A well-structured machine learning model card captures the essential facts about a model in a consistent, readable format. While the exact contents can vary by organization or framework, most model cards cover the following areas:

  • Model details - The name, version, type of model, who developed it, and when it was released. This establishes basic identity and provenance.
  • Intended use - What the model was designed to do, in which contexts it is appropriate to use, and equally important, where it should not be used. This section helps prevent misapplication of the model in contexts it was never designed for.
  • Training data - A description of the dataset used to train the model, including its source, scope, and any known limitations. This is critical for understanding potential bias in the model's outputs. Organizations exploring how data governance connects to AI governance will find this section particularly relevant.
  • Performance metrics - How well the model performs across different evaluation datasets and demographic groups. Disaggregated performance metrics help surface fairness concerns that aggregate scores can mask.
  • Limitations and risks - Known failure modes, edge cases, and conditions under which the model performs poorly. This section is especially important for high-stakes applications.
  • Ethical considerations - Potential societal impacts, bias risks, and any steps taken during development to address fairness or safety concerns.

Documenting these elements consistently is what makes an ML model card genuinely useful, not just as a record, but as a practical tool for governance and accountability.

Why Model Cards Matter

Organizations deploy machine learning models across hiring, lending, healthcare, customer service, and many other areas that directly affect people's lives. 

Without structured documentation, it is difficult for anyone outside the development team to understand what a model does, whether it is appropriate for a given use case, or what risks it may introduce.

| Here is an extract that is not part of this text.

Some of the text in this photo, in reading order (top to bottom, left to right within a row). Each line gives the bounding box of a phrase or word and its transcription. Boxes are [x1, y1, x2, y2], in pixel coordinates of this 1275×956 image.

A model card in machine learning addresses this gap in several important ways:

  • Transparency for stakeholders - Business leaders, compliance teams, legal counsel, and regulators often need to understand an AI system without reading code. A model card translates technical details into accessible information that non-technical stakeholders can act on.
  • Accountability for developers - The process of writing a model card forces development teams to document assumptions, limitations, and trade-offs they might otherwise leave implicit. This improves the quality of the model itself, not just its documentation.
  • Informed deployment decisions - Teams evaluating whether to deploy or procure an AI system can use the model card to assess fit, flag risks, and determine what additional safeguards may be needed before rollout. This is especially relevant when managing third-party AI vendor risk, where documentation from external providers is often the only window into how a model was built.

Auditability over time. Regulations like the EU AI Act and frameworks like the NIST AI Risk Management Framework require organizations to demonstrate that their AI systems have been assessed, documented, and monitored. A model card is a core component of that evidence trail.

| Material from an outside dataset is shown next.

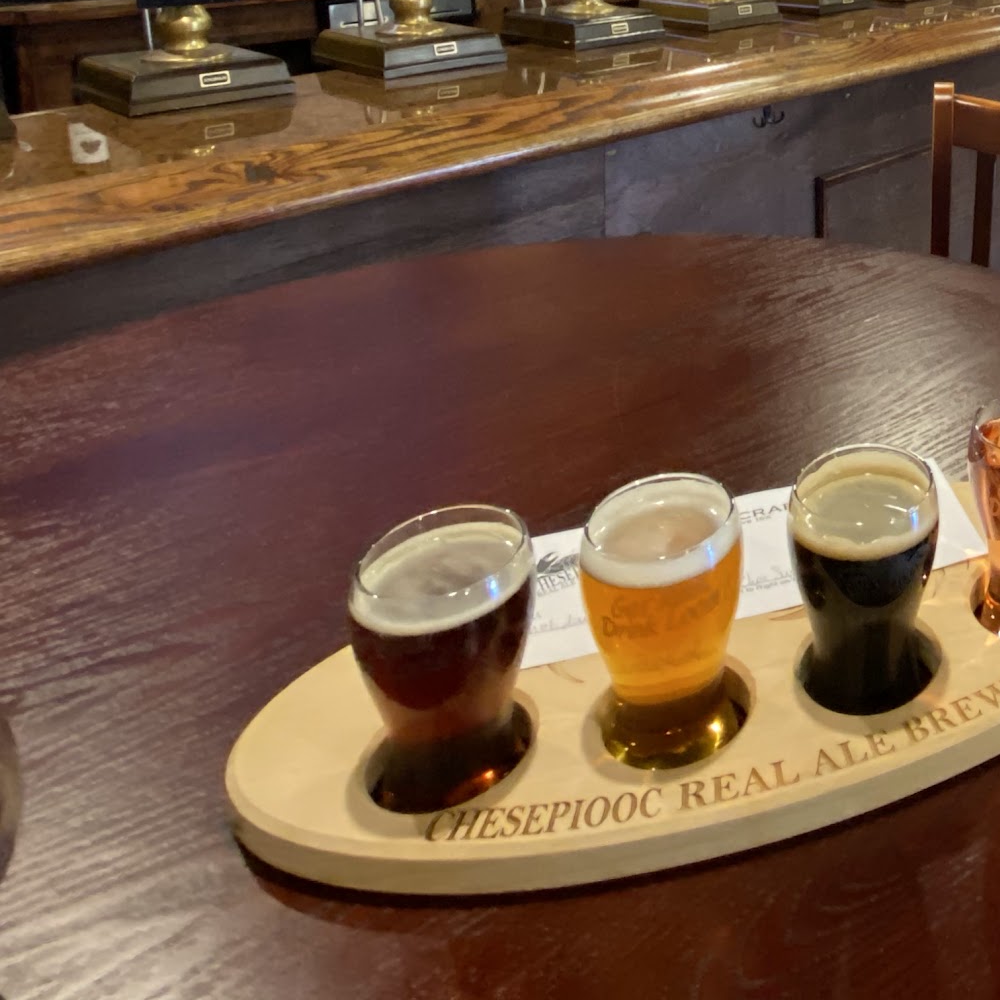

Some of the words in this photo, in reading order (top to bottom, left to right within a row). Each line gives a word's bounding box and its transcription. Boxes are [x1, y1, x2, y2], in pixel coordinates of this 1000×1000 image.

[425, 787, 663, 842] CHESEPIOOC
[678, 759, 800, 811] REAL
[815, 729, 895, 776] ALE

How Model Cards Are Used in Practice

In practice, a machine learning model card functions as a living document that travels with the model through its lifecycle, from development through deployment and ongoing monitoring.

Here is how organizations typically use them:

  • During development - Teams draft the model card alongside the model itself. This encourages early thinking about intended use, data quality, and potential failure modes before deployment decisions are made.
  • During procurement and vendor evaluation - When an organization considers purchasing or adopting a third-party AI tool, requesting the vendor's model card is an effective way to assess transparency and risk.
  • Govern AI vendor relationship - Understanding how to govern AI vendor relationships at scale makes this documentation step even more valuable.
  • During internal review and approval - Model cards give review boards, compliance teams, and risk officers the information they need to approve, restrict, or reject a model for a specific use case, without requiring deep technical expertise.

During regulatory audits. When regulators or auditors request documentation of an AI system, a well-maintained model card provides a structured starting point. Having a centralized AI registry where model cards are stored alongside other governance artifacts makes this process significantly faster and more consistent.

Regulatory and Legal Requirements for Model Cards

Model cards are not yet universally mandated by law, but regulatory pressure is moving in that direction, and quickly.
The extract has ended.